For the new study, published in the journal General Hospital Psychiatry, researchers examined Medicare and private medical insurance claims data for 189 trial participants.  After incorporating the $460 average cost to deliver the intervention that included nurse and supervising physician time, patients randomly assigned to the intervention had $2,068 lower median claims costs at one year after bypass surgery compared to those who received their doctors’ usual care ($16,126 vs. $18,194).


The intervention was also highly cost-effective, producing more quality-adjusted life-years (QALY), a measure analysts use to determine the value of different medical actions, while significantly lowering medical claims costs by $9,889 per additional QALY generated, a first for a collaborative care strategy for treating depression in any patient population.

About 400,000 CABG surgeries are performed annually in the US, and studies indicate approximately one in five patients who undergo the procedure experience clinical depression. Extending this $2,068 savings to all depressed post-CABG patients has the potential to save more than $165 million in medical claims in the first year following surgery, Rollman says.

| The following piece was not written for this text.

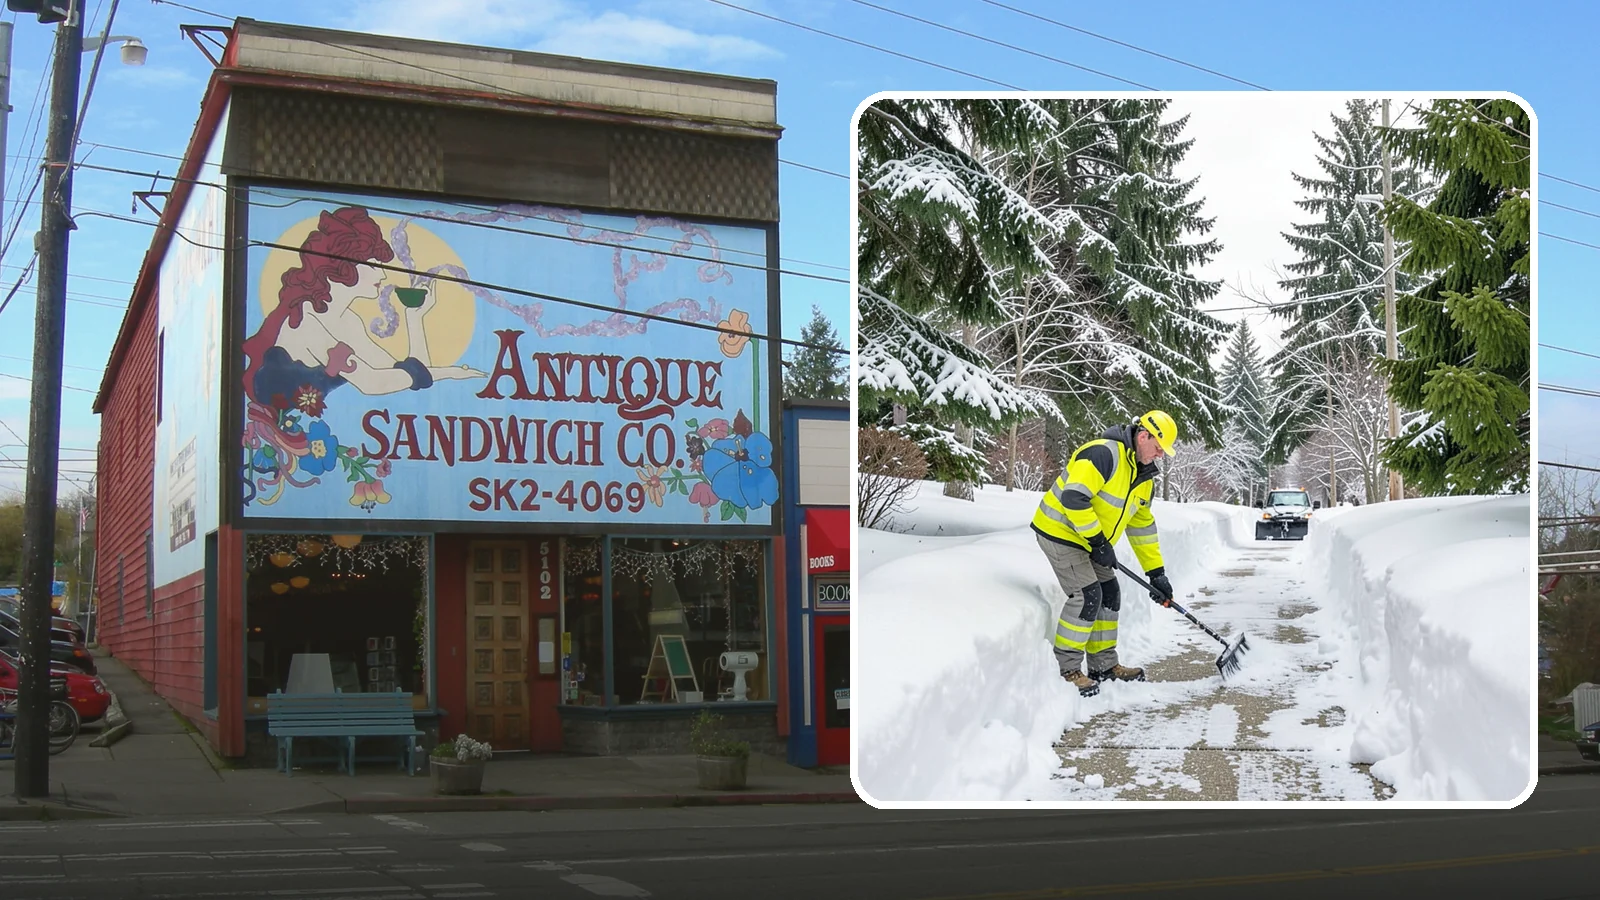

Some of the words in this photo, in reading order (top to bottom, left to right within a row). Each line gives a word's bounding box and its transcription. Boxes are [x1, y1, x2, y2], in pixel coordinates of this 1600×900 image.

The collaborative care model involves care managers who follow an evidence-based treatment protocol under the supervision of a primary care physician. The team systematically contacts patients to monitor their mood symptoms and recommends appropriate adjustments in treatment.

Although team-based collaborative care for depression has yet to be widely adopted, it is increasingly being provided by integrated health care systems through “patient-centered medical homes” supported by payment reforms under the Affordable Care Act.

Other researchers from University of Pittsburgh and from Weill Cornell Medical College collaborated on the study.

The Fine Foundation and the National Institutes of Health supported the study.